They may come from different worlds socially and financially, but working mom Alice (Alfre Woodard) and multi-millionaire Charlotte (Kathy Bates) have been best friends for decades. So when Alice's social-climbing daughter Andrea (Sanaa Lathan) marries construction worker Chris (Rockmond Dunbar), Charlotte foots the bill for a wedding at her mansion. But Charlotte also wants to punish her conniving son William (Cole Hauser) for eloping with a weak-willed woman she abhors, so she throws the wedding she once planned for William. Four years later, Andrea and Chris are both working for Charlotte's construction company, which William runs. Chris dreams of starting his own business with Andrea's brother-in-law Ben (Perry), but Andrea doesn't think her blue-collar husband can make it on his own. Besides, she's too busy doing William's bidding as he plots to wrestle control of the company away from Charlotte. But the tough-as-nails Charlotte isn't going to down without a fight. If this sounds a bit soapy, it is. In true The Bold and the Beautiful fashion, there's plenty of corporate backstabbing, (unseen) bed-hopping, sibling rivalries, and life-changing revelations that threaten to tear apart Alice and Charlotte's enmeshed families. It's all very predictable stuff--you'll have no trouble guessing who's sick, sleeping around, or ready to crack--though the momentous third-act surprise forces Perry to tie up loose ends in a contrived and unsatisfying way.

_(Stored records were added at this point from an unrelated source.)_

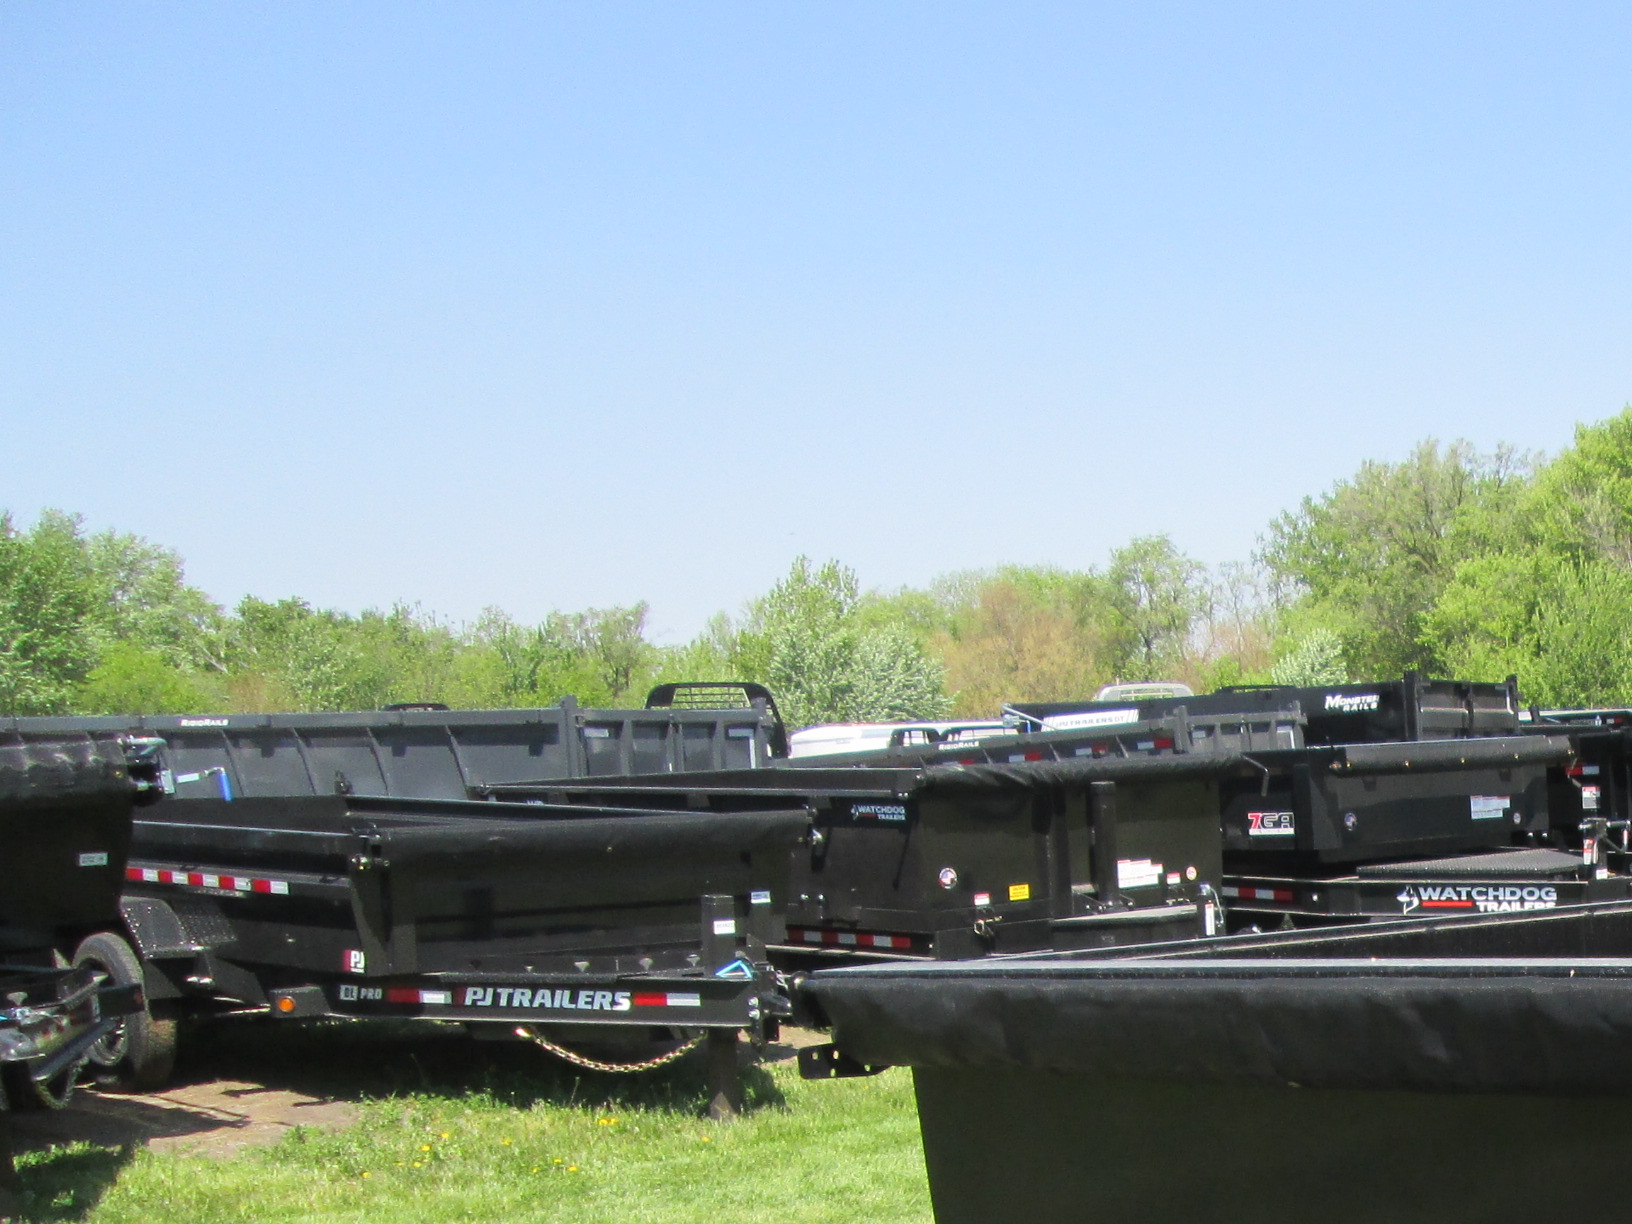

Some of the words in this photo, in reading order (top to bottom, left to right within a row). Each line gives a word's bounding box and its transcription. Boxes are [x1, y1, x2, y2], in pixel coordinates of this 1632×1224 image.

[1343, 704, 1378, 712] RAILS
[858, 805, 906, 814] WATCHDOG
[1418, 886, 1558, 901] WATCHDOG
[360, 988, 383, 1000] PRO
[465, 986, 494, 1006] PJ
[496, 987, 632, 1012] TRAILERS
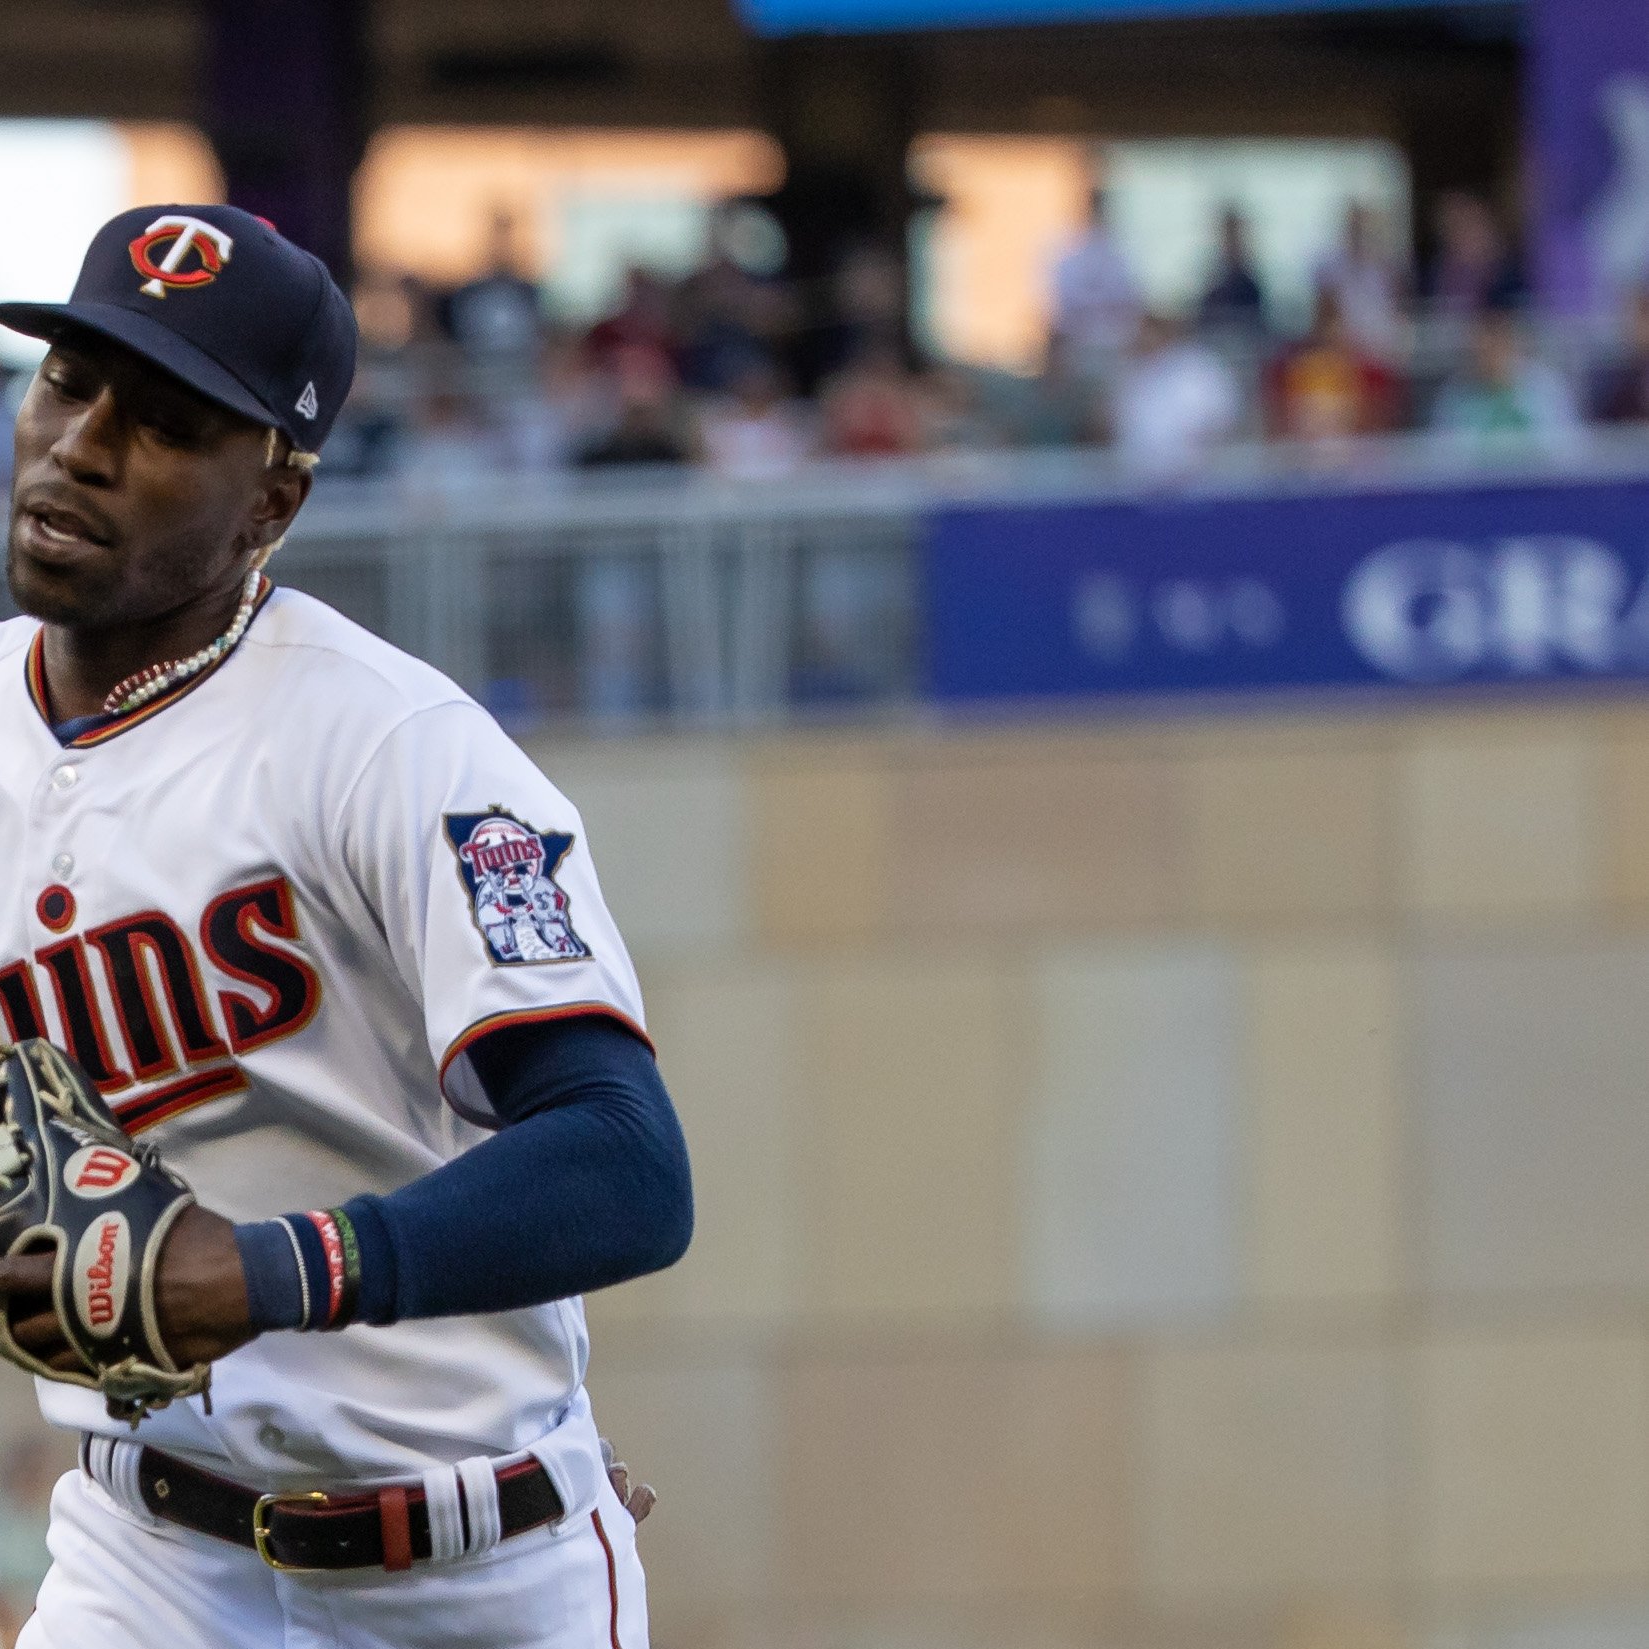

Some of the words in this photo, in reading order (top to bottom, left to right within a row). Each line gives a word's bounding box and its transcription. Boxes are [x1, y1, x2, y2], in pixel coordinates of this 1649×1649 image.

[1342, 535, 1649, 684] GR
[459, 835, 544, 880] Twins
[86, 1221, 122, 1327] Wilson
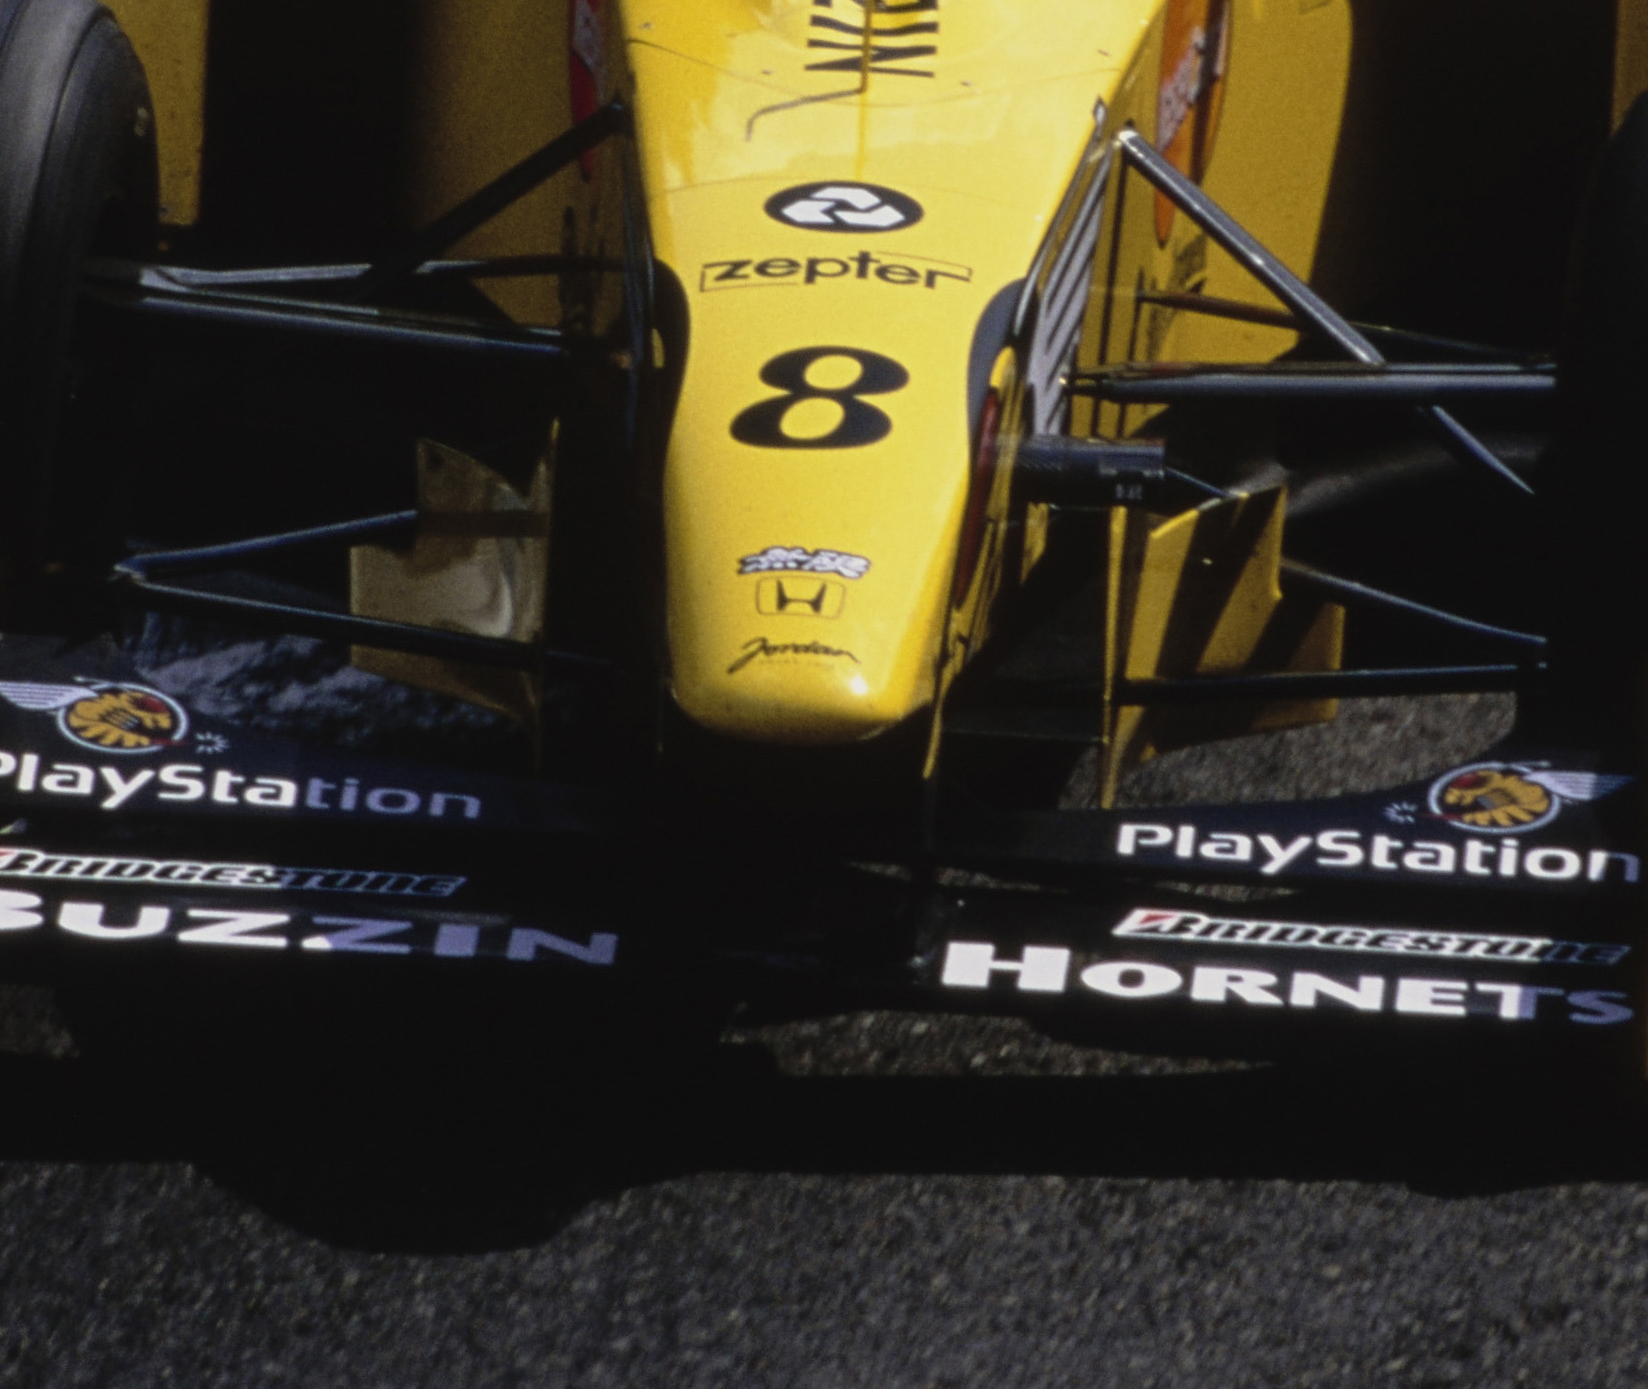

It's safe to say The Family That Preys features the best cast Perry's worked with. Regrettably, he can't break himself of his annoying tendency to compel his actors to underplay their roles. Even such old pros as Bates and Woodard seem oddly subdued. In Bates' case, that's not too bad considering she gives Titanic-sized performances when left unchecked. But it comes as a welcome sight to see Bates break free of Perry's bonds and get loud and lively during a Thelma & Louise-ish road trip. Woodard, sadly, really can't do too much to make the saint-like Alice come across as anything but a stick in the mud. Lathan is so frosty that your body temperature drops 20 degrees whenever she and a barely audible Hauser cross paths. As for Prison Break's Rockmond Dunbar, it's a shame that the sympathy he engenders for the unappreciated Chris evaporates the second he commits an act that's not just inexcusable, it's unwarranted. Perry, though, has a hard time handling Taraji P Henson, who is the closest to Madea that The Family That Preys has. She's smart, sassy and scrappy. Not that we miss Perry and his housedress. There's no place for his pistol-packing big mama in The Family That Preys. In fact, Madea's comedic presence would have severely disrupted the serious tone that Perry maintains throughout The Family That Preys.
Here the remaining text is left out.